To me it has powerful intuitive appeal. In an idealistic and probably naive frame of mind I even imagine it has the potential to snap people out of the 'sleep of theism.' I'm referring to what you might call the argument from psychological projection, the idea that, absent any direct evidence for a god's existence, any descriptive statement about a god is necessarily drawn, not from something outside ourselves, but from how we think ourselves to be.
(Does the figure at right look at all similar to any biological creature with which you're familiar?)
The expression of this view I'm most familiar with comes from 19th century philosopher Ludwig Feuerbach. Consider the following quotes from his The Essence of Christianity:
"As God is nothing else than the nature of man purified from that which to the human individual appears...a limitation or an evil..."
"The Christians certainly gave their God no attributes which contradicted their own moral ideas, but they gave him without hesitation, and of necessity, the emotions of love, of compassion. And the love which the religious mind places in God is not an illusory, imaginary love, but a real, true love. God is loved and loves again; the divine love is only human love made objective, affirming itself. In God love is absorbed in itself as its own ultimate truth."

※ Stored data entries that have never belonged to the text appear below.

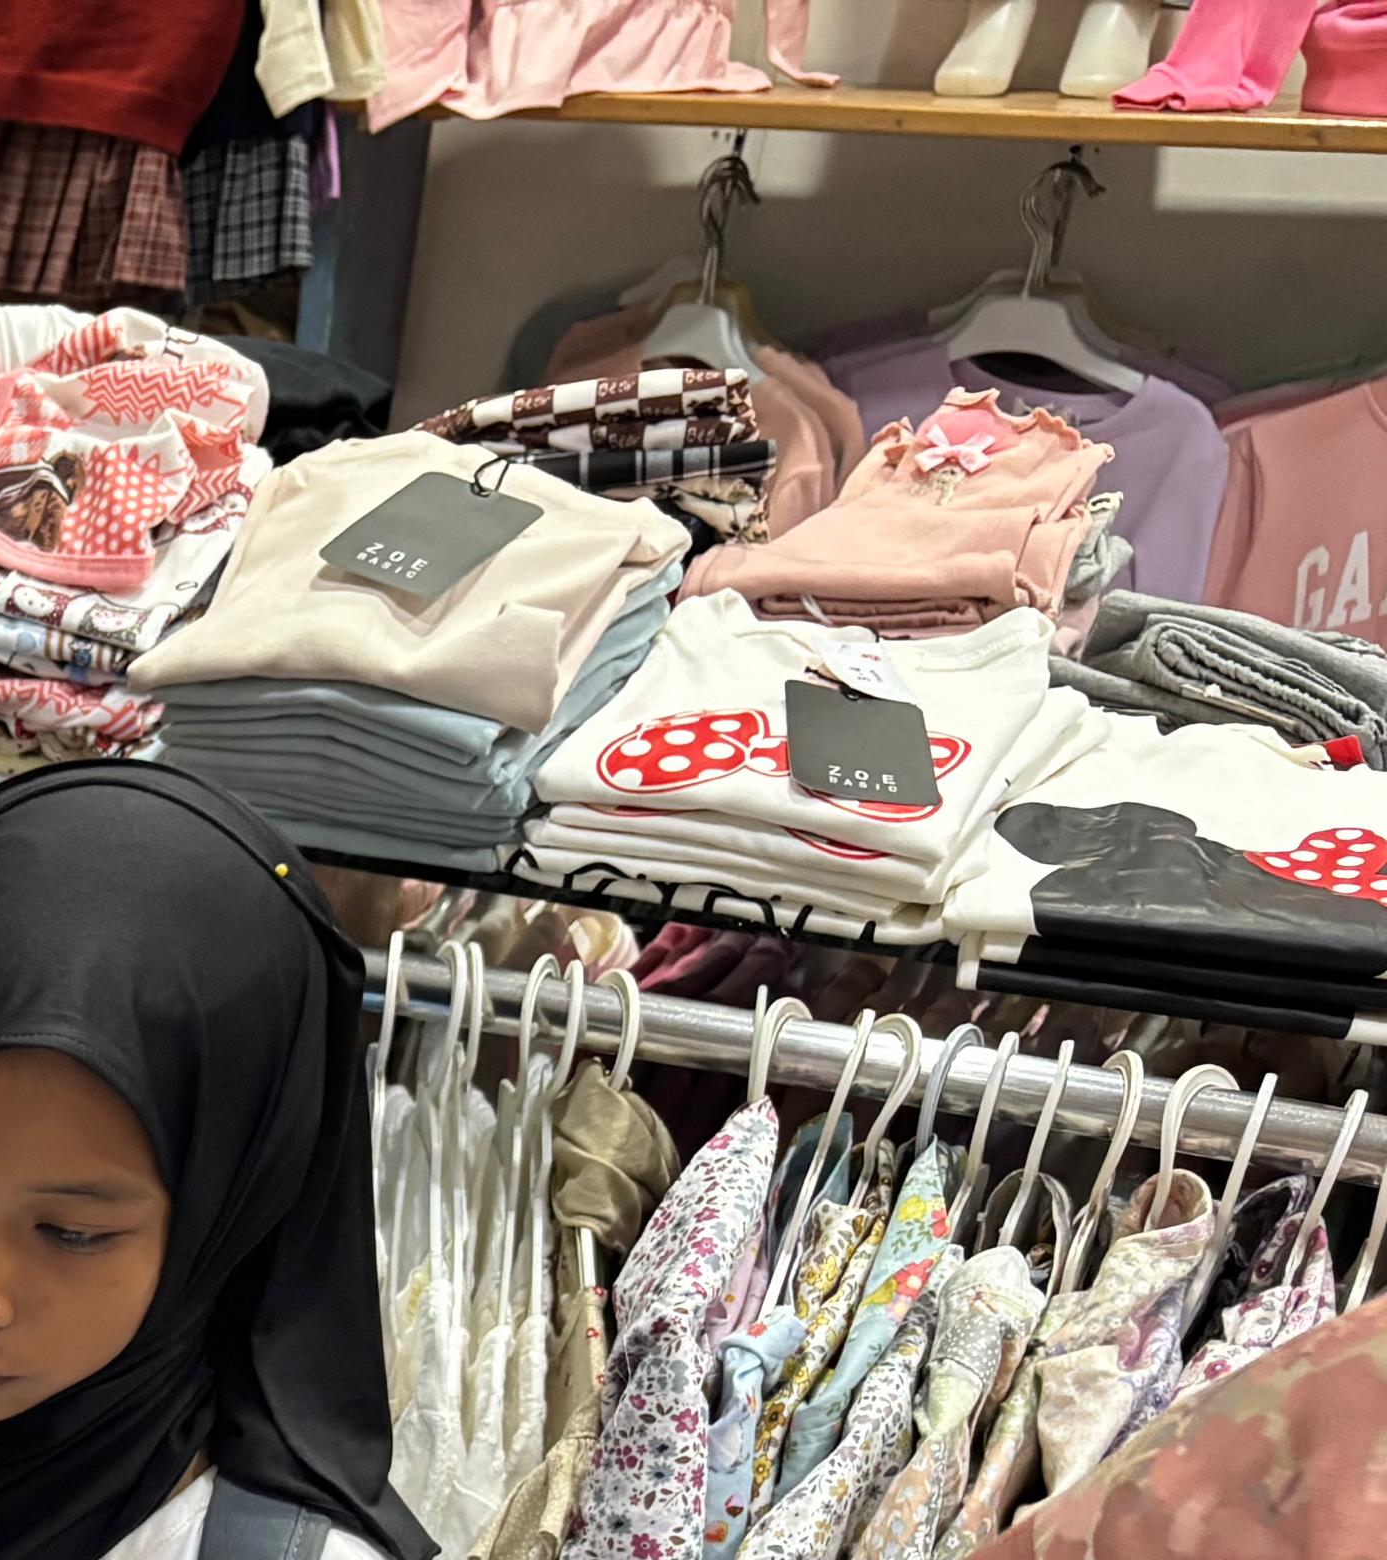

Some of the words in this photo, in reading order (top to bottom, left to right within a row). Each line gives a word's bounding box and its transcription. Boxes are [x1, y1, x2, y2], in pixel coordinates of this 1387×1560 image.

[356, 552, 417, 579] BASIC
[365, 542, 428, 572] ZOE
[1293, 528, 1387, 629] GA
[828, 764, 896, 785] ZOE
[829, 775, 898, 793] BASIC
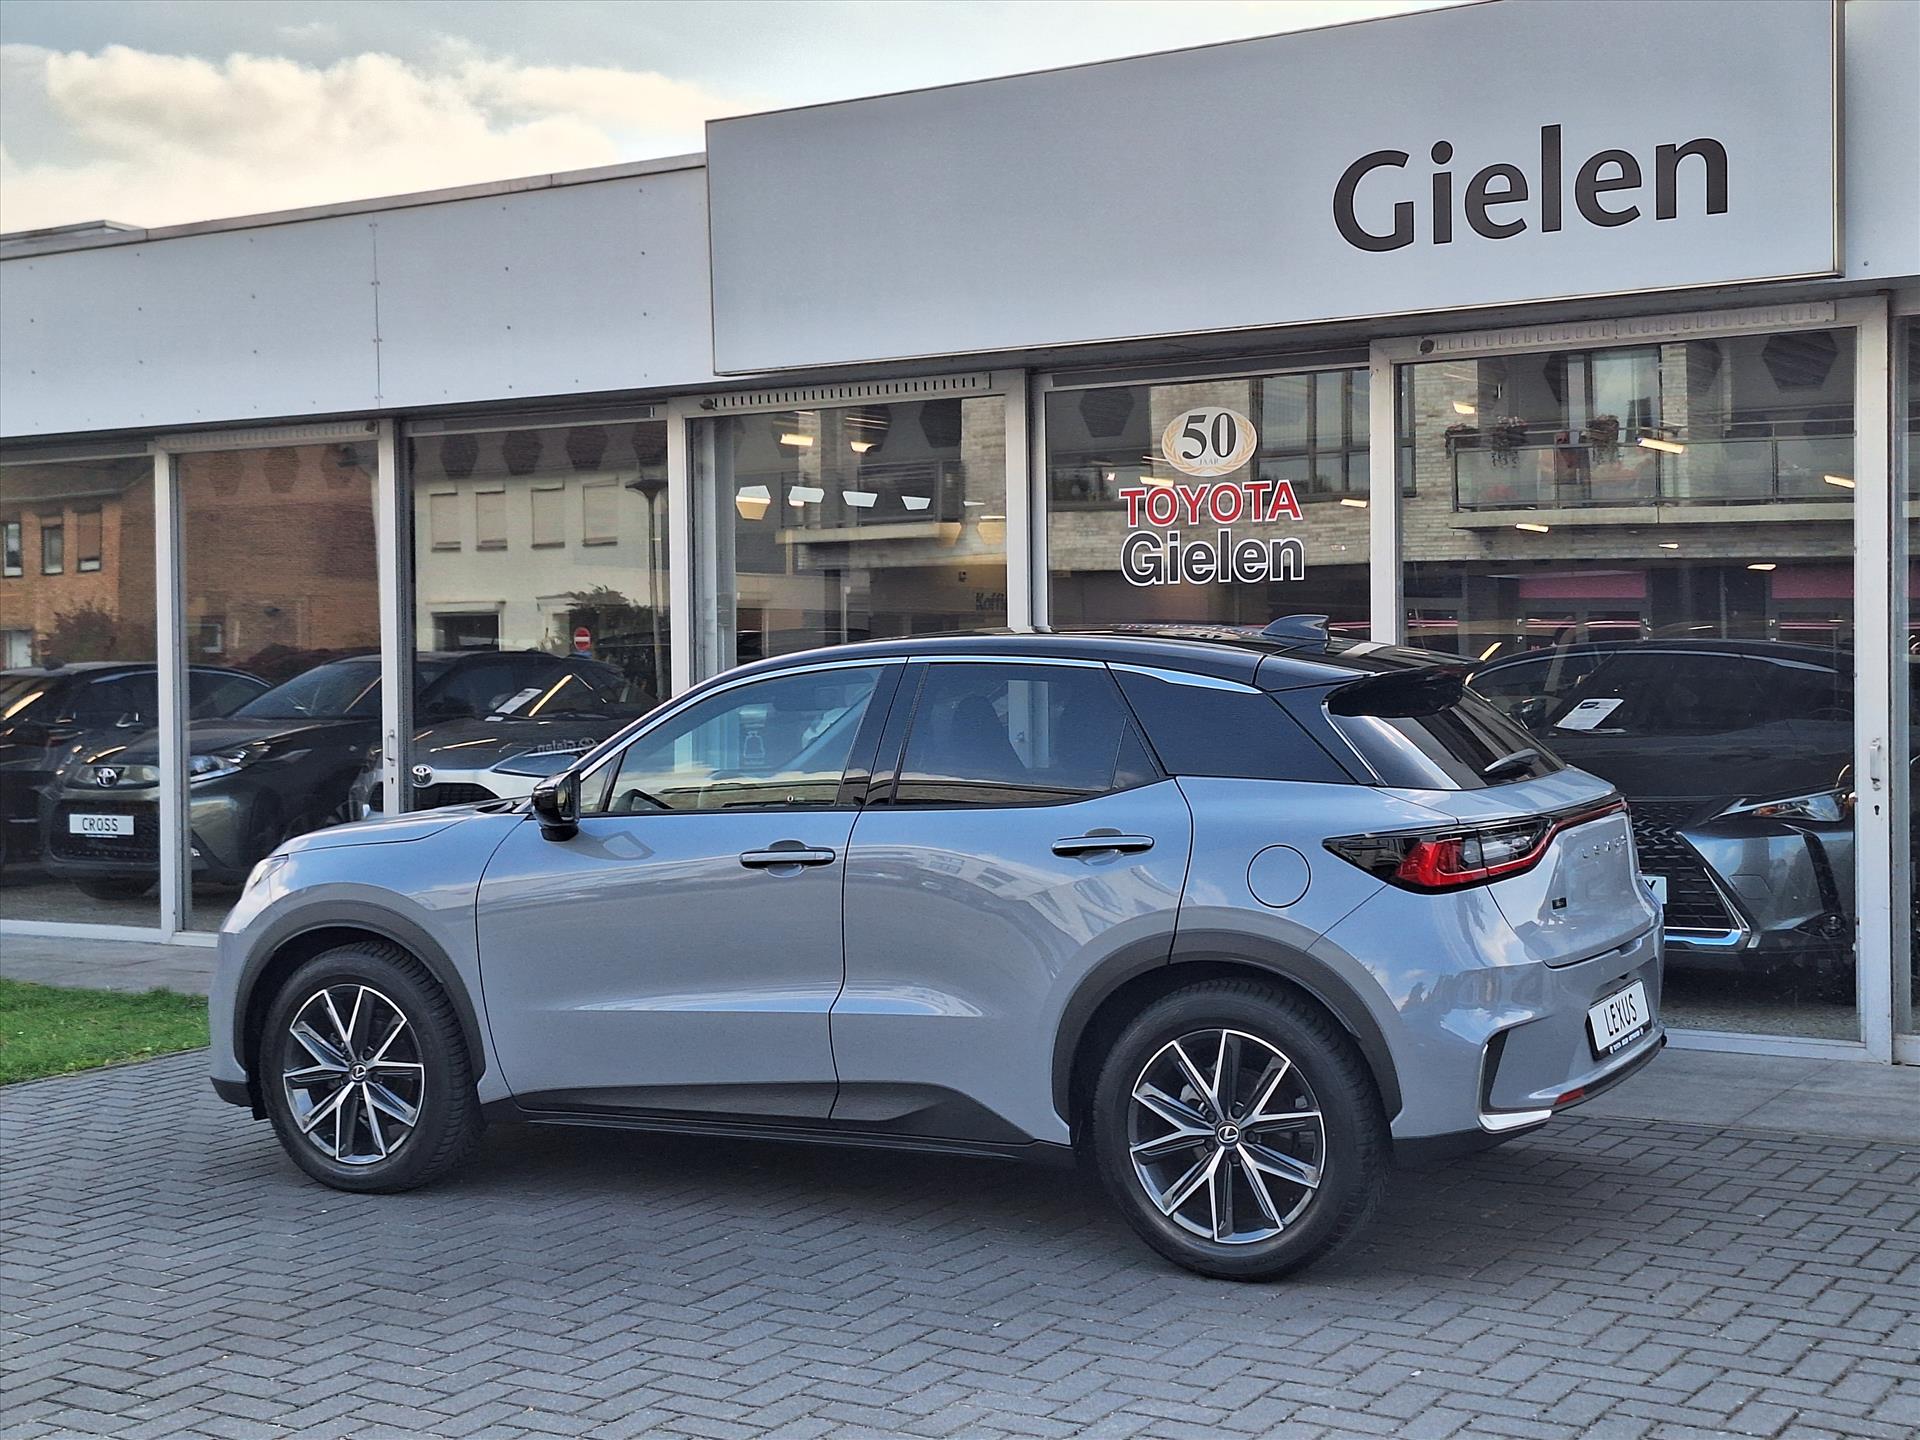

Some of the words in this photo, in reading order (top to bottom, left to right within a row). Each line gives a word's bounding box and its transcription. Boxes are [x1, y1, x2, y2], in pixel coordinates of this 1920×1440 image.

[1333, 123, 1728, 253] Gielen
[1182, 412, 1237, 460] 50
[1199, 457, 1219, 466] JAAR
[1119, 479, 1304, 528] TOYOTA
[1120, 528, 1305, 587] Gielen
[82, 817, 119, 832] CROSS
[1603, 993, 1638, 1037] LEXUS

"Whatever strongly impresses a man, whatever produces an unusual effect on his mind, if it be only a peculiar, inexplicable sound or note, he personifies as a divine being. Religion encompasses all the objects of the world; think of anything existing, and you will find that it has been the object of religious veneration. Nothing is to be found in the essence and consciousness of religion that is not there in the being of man, that is not there in his consciousness of himself and the world. Religion has no particular content of its own. Even the emotions of fear and dread had their temples in Rome. The Christians, too, hypostatized their mental states into beings and qualities of things, their dominant emotions into powers dominating the world. In short, they hypostatized the qualities of their being — whether known or unknown to them — into self-subsisting beings. Devils, goblins, witches, ghosts, angels, etc., continued to be sacred truths as long as the religious disposition held its uninterrupted sway over mankind."
At every turn when attempting to define God we're inevitably referencing aspects of the self, the products of our imagination, and the categories we use to describe the material world.
The reality of this projection thesis becomes obvious in the act of prayer to a deity. When we think some mental stirring is the product of divine agency, aren't we simply committing the error of false attribution?
The theology of the "personal god" seems an almost tacit admission that this projection is taking place. A personal god is in the main just like us, except perfected. He/she/it has emotions, intention and even manifests anthropomorphically in the person of Jesus.
And when this personal god is found to be announcing his public policy preferences through self-selected mouthpieces, by for example, opposing (or supporting) same sex marriage, the game of confirmation bias and psychological projection could hardly be more obvious.
It's one thing to offer atheist arguments, another to imagine interventions that might loosen the grip of the worst forms of anthropomorphized faith. I wonder then how much one's capacity for introspective accuracy might explain certain constructions of god belief. Research shows that individuals differ considerably in their introspective accuracy. Could it be possible that meditation, a mediator of introspective accuracy, might make some forms of god belief more honest and truthful?
 p. 181 in Feuerbach, L. (1957). The Essence of Christianity. Translated by George Eliot. Harper & Row Publishers, Inc. New York: NY.